Nuovo EP e nuovo video per i CACTUS?

Cactus? – Sorry For My Accent

Quando mi fermo a riflettere, i pensieri si susseguono nella mente, lo sguardo è fisso nel vuoto e mi rendo irreperibile. Poi, quando riaccendo la connessione con il mondo esterno, istintivamente do un’occhiata all’ora, lo faccio perchè mi sembra di aver speso un’infinità di tempo immerso nei miei pensieri. E invece sono passati solo cinque minuti, a volte dieci.

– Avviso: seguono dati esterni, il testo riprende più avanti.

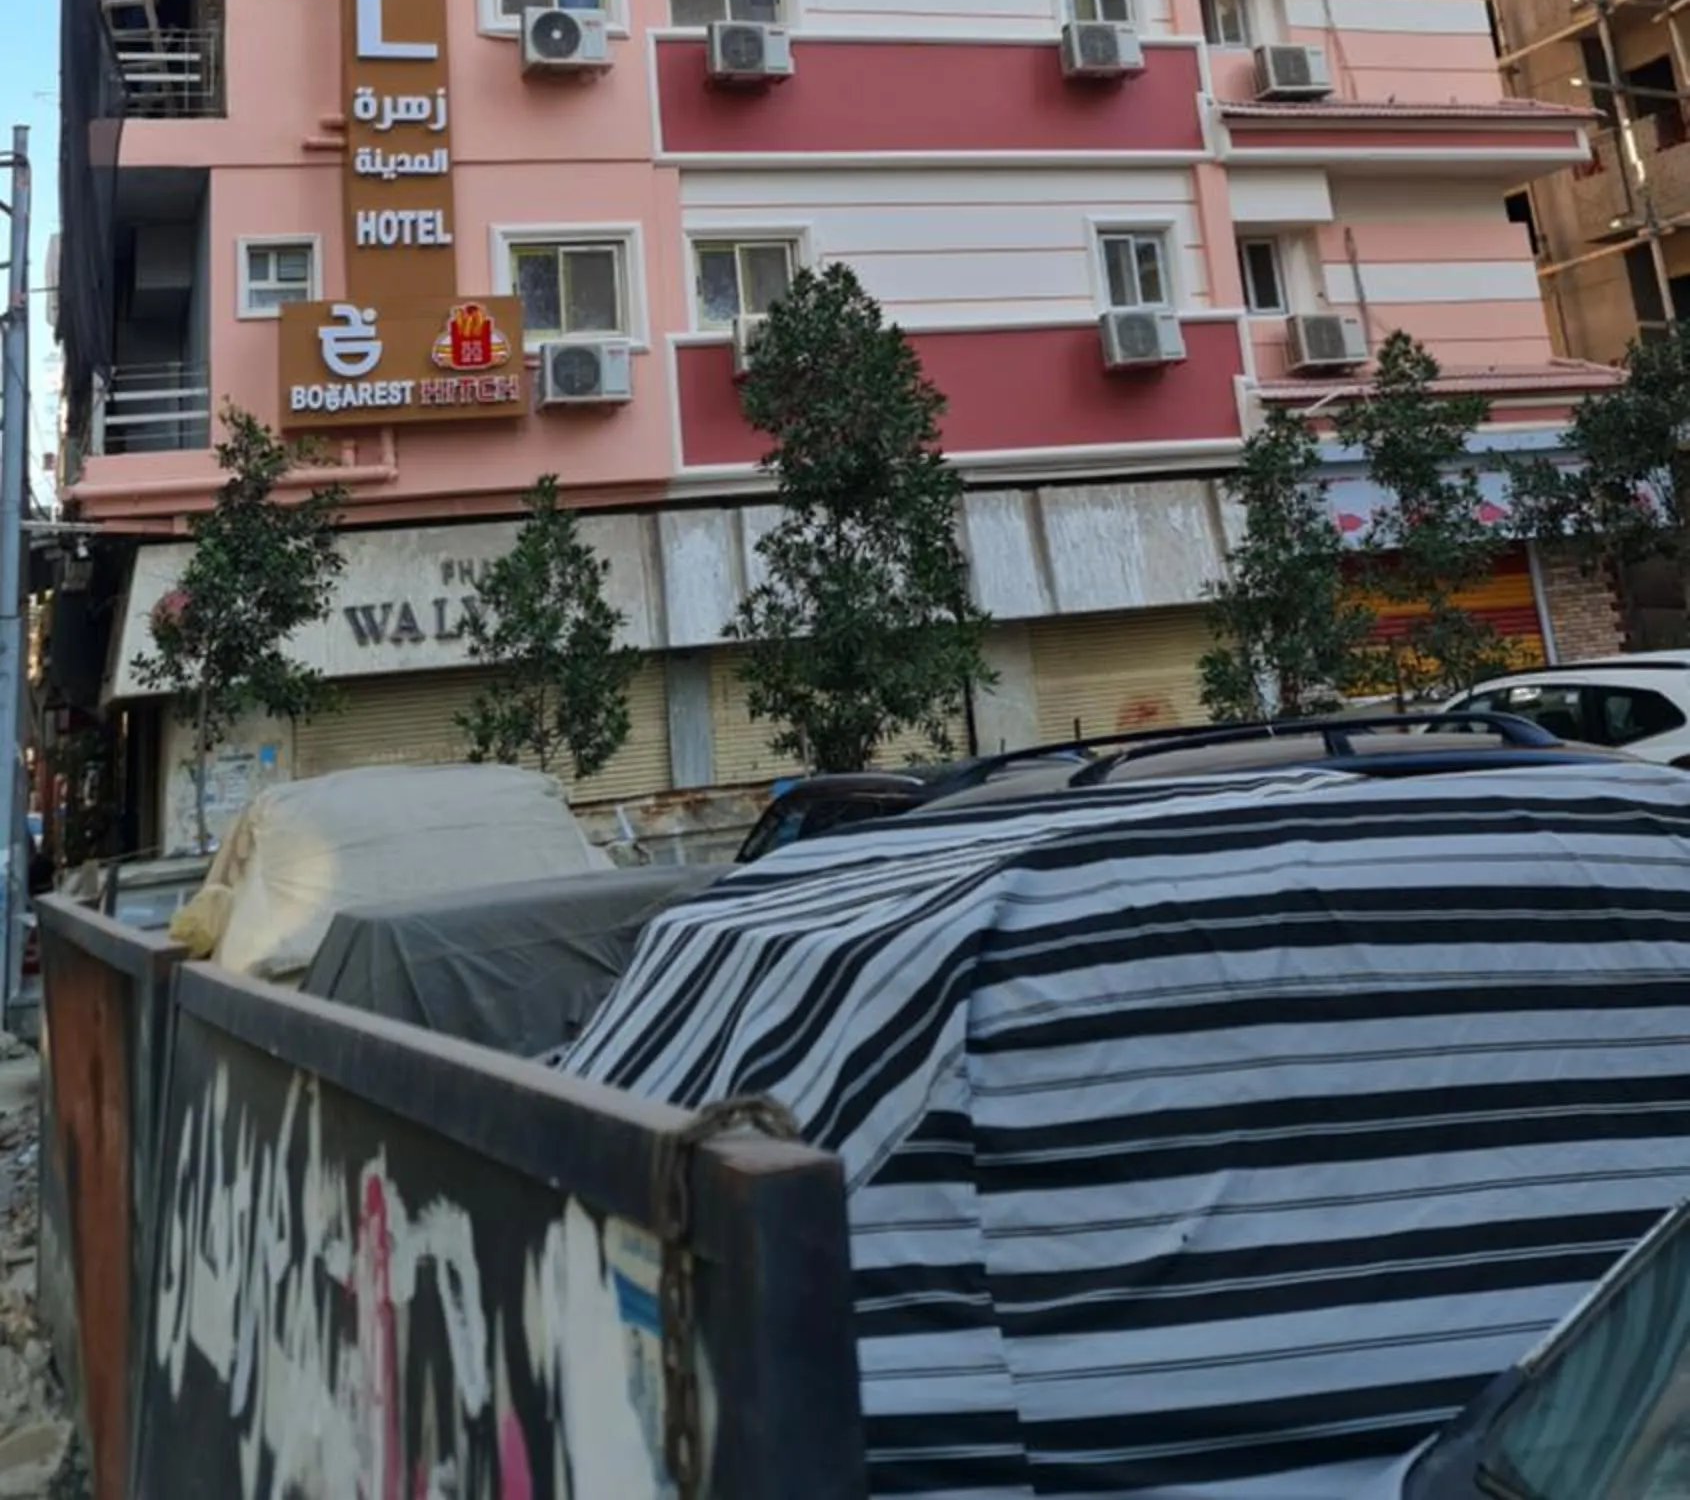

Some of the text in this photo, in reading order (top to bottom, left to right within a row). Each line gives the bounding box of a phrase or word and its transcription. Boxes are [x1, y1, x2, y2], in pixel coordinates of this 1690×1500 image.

[354, 87, 447, 130] زهرة
[355, 148, 449, 179] المدينة
[356, 210, 452, 245] HOTEL

Anche oggi mi è capitato, ma questa volta sono stati sedici minuti. Sedici minuti di “Sorry For My Accent”, l’ultima fatica dei Cactus?.
Il sipario si apre con “I Don’t Think It’s Good For You To Stop Smoking”, pezzo che svela l’amore per la cura del dettaglio e la ricerca del particolare. Strofe prolifiche e cariche di parole si susseguono, correndo assieme ad una chitarra ricca di spunti, mai piatta e sgargiante di mille colori. L’entrata in scena del synth nel ritornello è semplice ed efficace e riesce a portare una tonalità surf al pezzo davvero azzeccata. L’alternanza delle due voci attorno al primo ritornello dona vitalità e originalità al brano, che ci lascia con un outro scoperchiante.
A tenermi stretto alle cuffiette è “Still Alone”: un viaggio in macchina lungo una strada aperta, poco trafficata, con il finestrino abbassato e gli occhiali da sole. Lo scheletro ritmico di batteria elettronica (altra novità) e basso frenetico sostiene alla perfezione le meccaniche melodiche, fresche come la brezza che entra nella macchina e sorprendenti come una bella ragazza che fa l’autostop. Il tutto ha un sapore di sperimentale, di ricerca di nuove frontiere e distacco da tutte le etichettature possibili.
L’interludio “Brit Boy Surfs At The Disco”, che ha insito nel suo titolo la spiegazione del contenuto stesso, ci porta a “Shove It” pezzo in puro stile brit rock. La linea di basso è irriverente; i cori mascalzoni e il riff principale saltellano per tutto il pezzo, quasi intercambiandosi.
Il gran finale è a questo punto d’obbligo. Siamo qui da 10 minuti, ma non lo sappiamo, non ce ne siamo ancora resi conto, talmente siamo ipnotizzati da questo album. “Dunno” è il secondo interludio, un tappeto rosso srotolato per “Naban”, pezzo che chiude l’opera. E’ il più lungo, il più intimo e, lasciatemelo dire, il più bello. Qui c’è tutto, è la passione a risuonare, il talento a rapirci, la malinconia a coccolarci. La prima parte del brano ha un’andatura incalzante; sensazioni profonde, quasi toccanti, scaturiscono tra le strofe ed il ritornello, trasportandoci in un outro strumentale in crescendo che che chiude alla perfezione sia il brano che l’intero album.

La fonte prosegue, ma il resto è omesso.